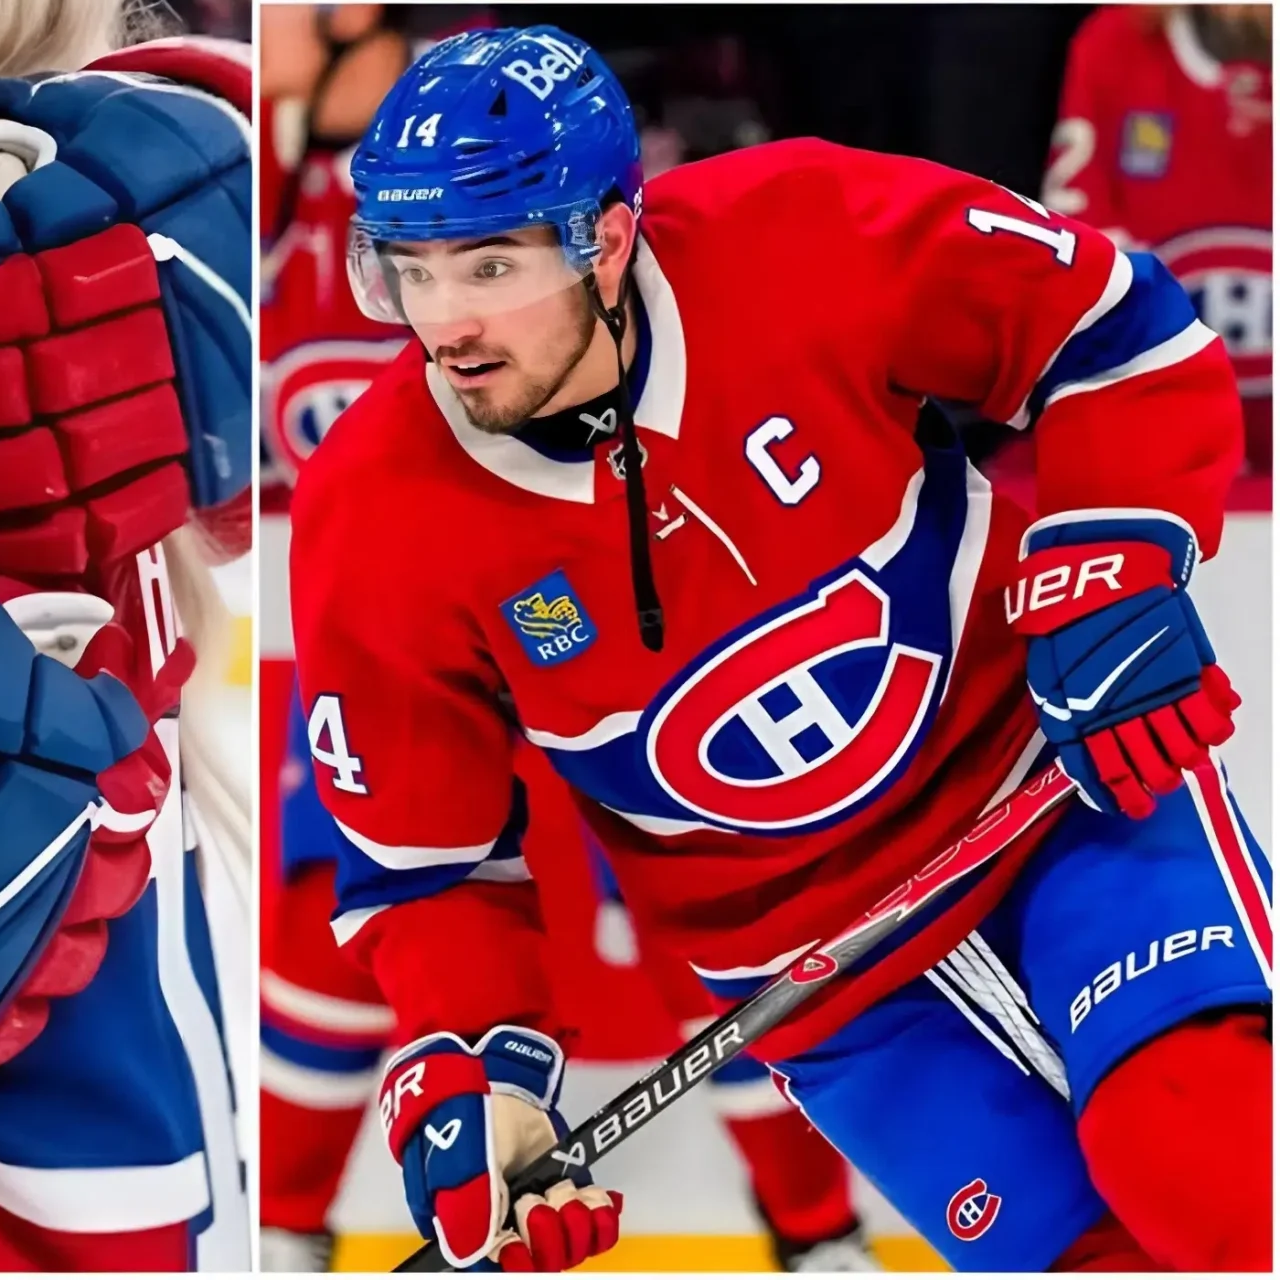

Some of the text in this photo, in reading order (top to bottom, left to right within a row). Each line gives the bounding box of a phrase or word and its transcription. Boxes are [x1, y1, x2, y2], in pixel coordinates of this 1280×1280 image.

[500, 33, 584, 102] Bell
[396, 113, 443, 148] 14
[744, 415, 821, 506] C
[536, 624, 590, 661] RBC
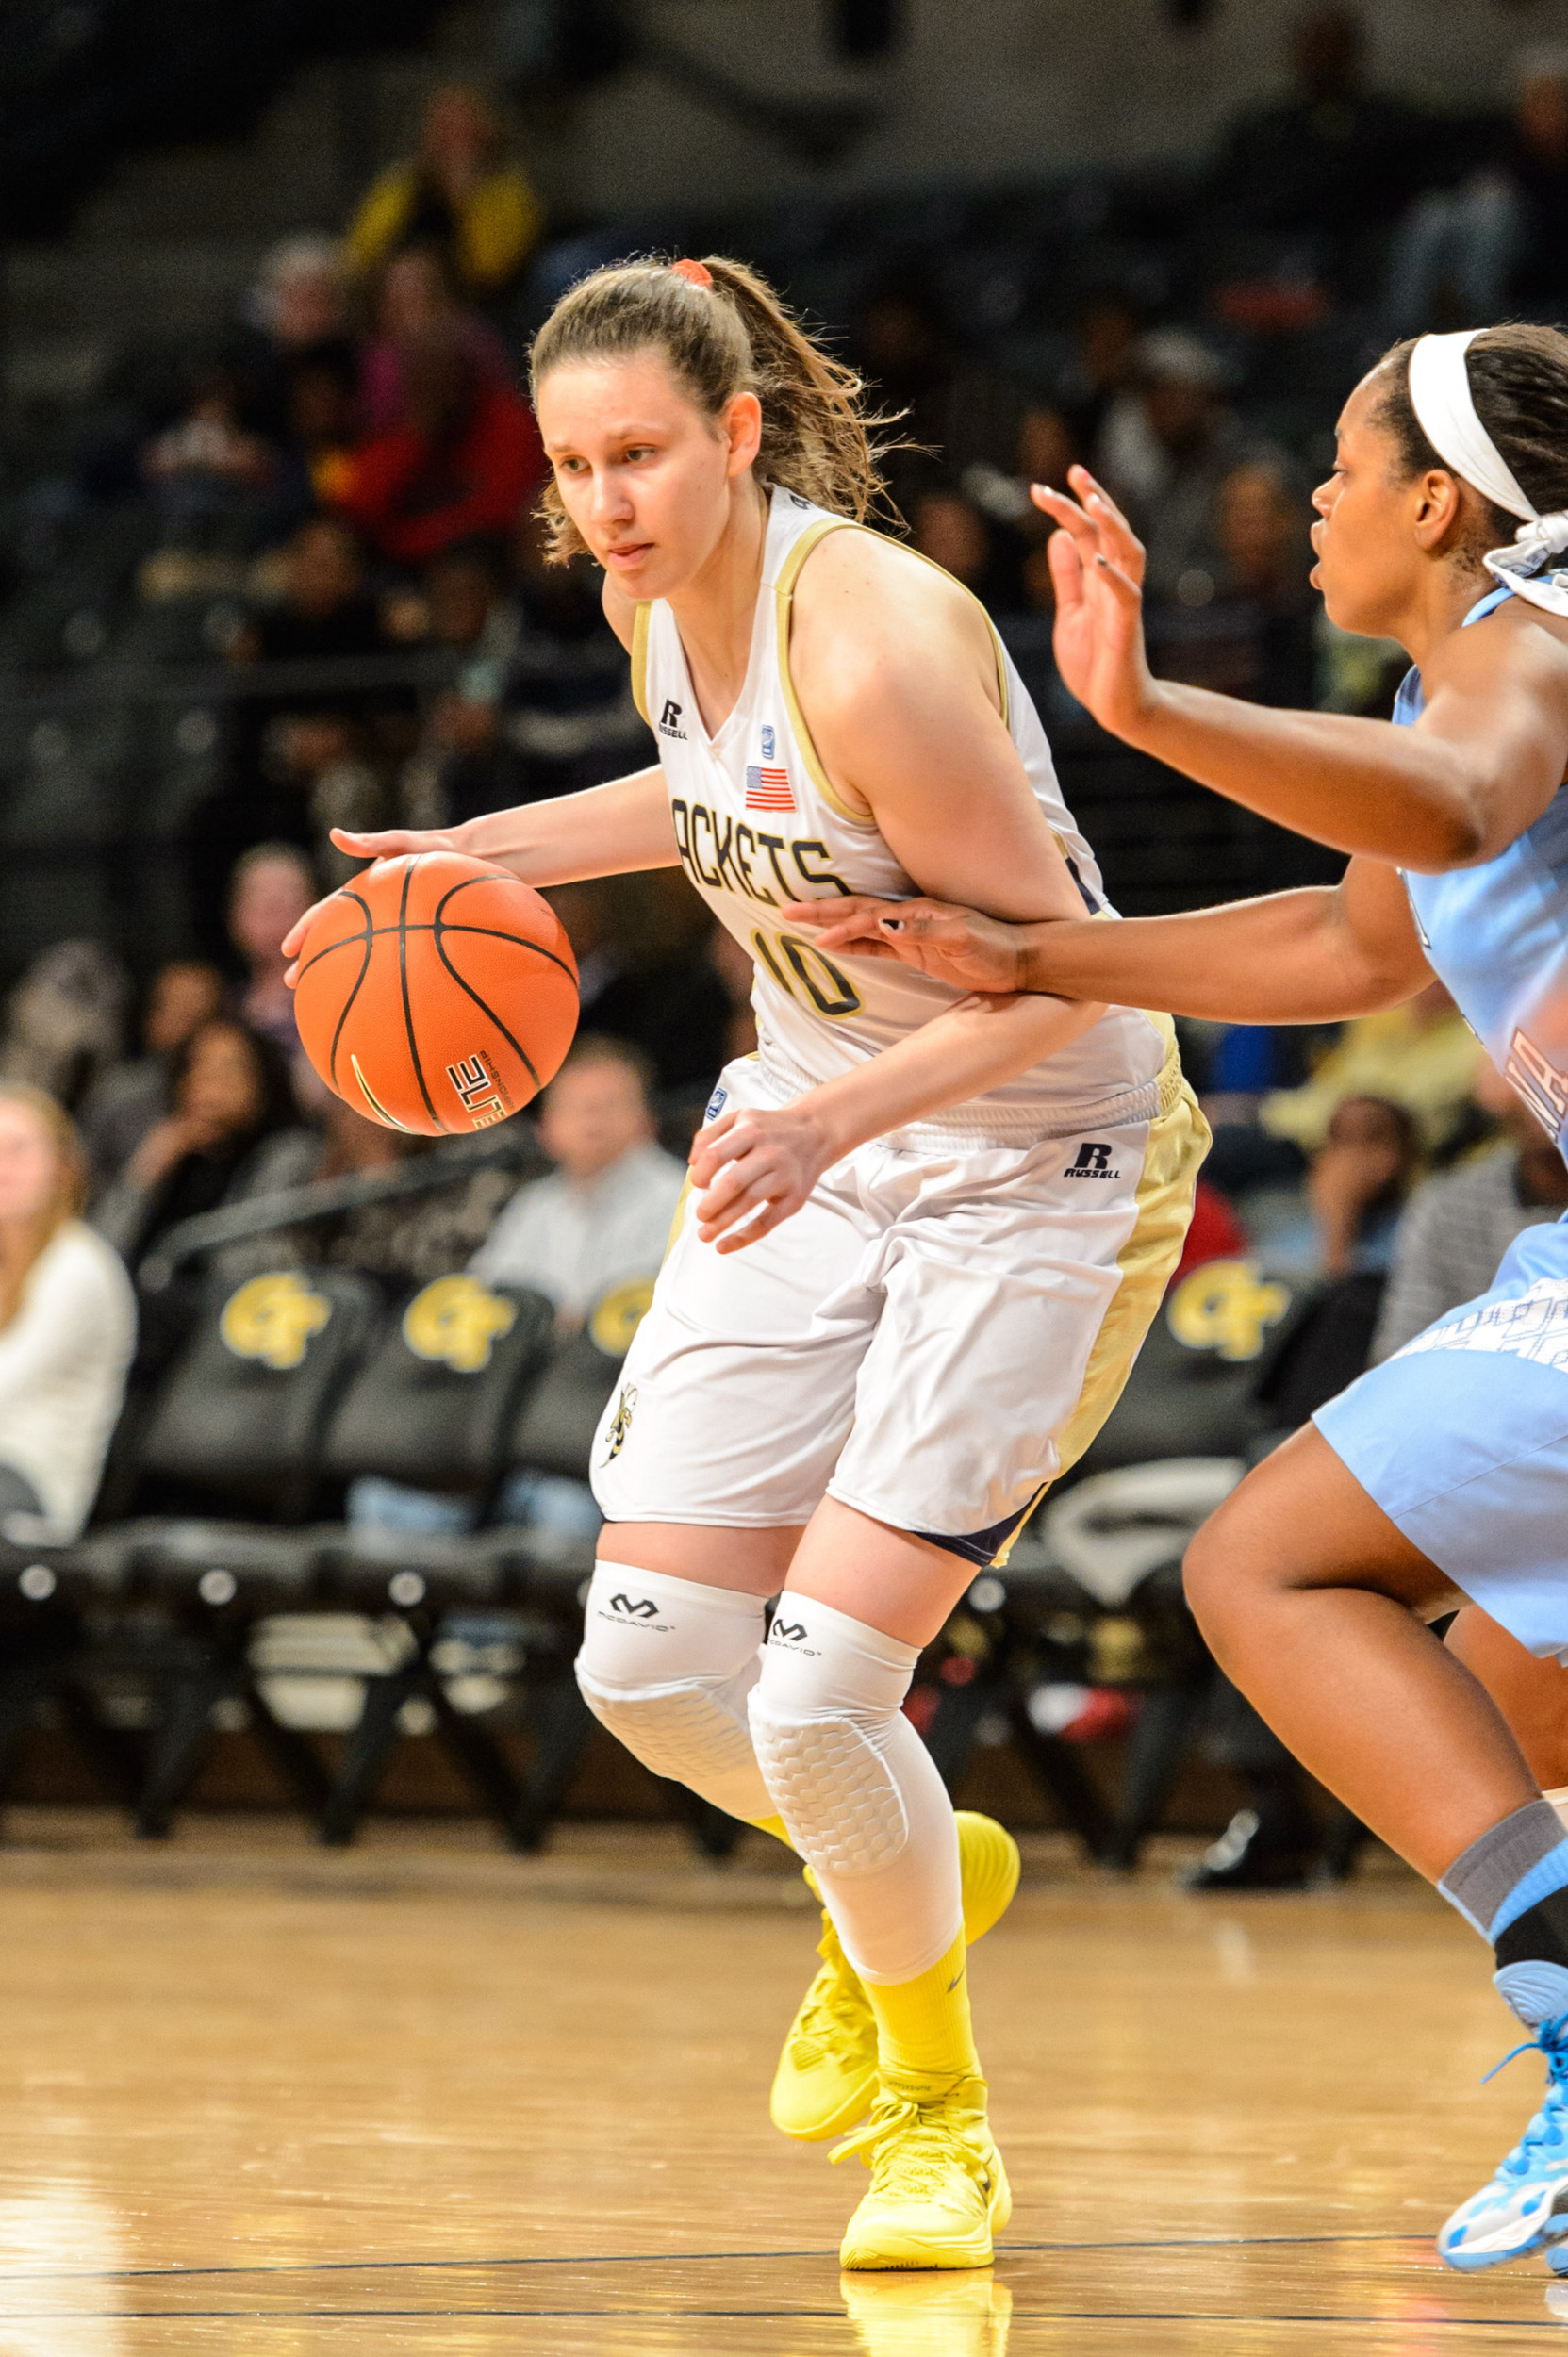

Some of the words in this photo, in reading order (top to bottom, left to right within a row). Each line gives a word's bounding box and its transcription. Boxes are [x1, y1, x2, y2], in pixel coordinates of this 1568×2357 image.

[659, 725, 688, 741] SSELL
[672, 799, 855, 907] ACKETS
[751, 928, 866, 1020] 10
[1074, 1143, 1112, 1170] R
[1064, 1168, 1121, 1179] RUSSELL

*Brief*
Once you reach the line that contains "Some of the words", transcribe it and all remaining lines of the listing exactly; skip everything before it.

*Exercise output*
Some of the words in this photo, in reading order (top to bottom, left to right within a row). Each line gives a word's bounding box and its transcription. Boxes are [x1, y1, x2, y2], in pixel coordinates of this 1568×2357 image.

[659, 725, 688, 741] SSELL
[672, 799, 855, 907] ACKETS
[751, 928, 866, 1020] 10
[1074, 1143, 1112, 1170] R
[1064, 1168, 1121, 1179] RUSSELL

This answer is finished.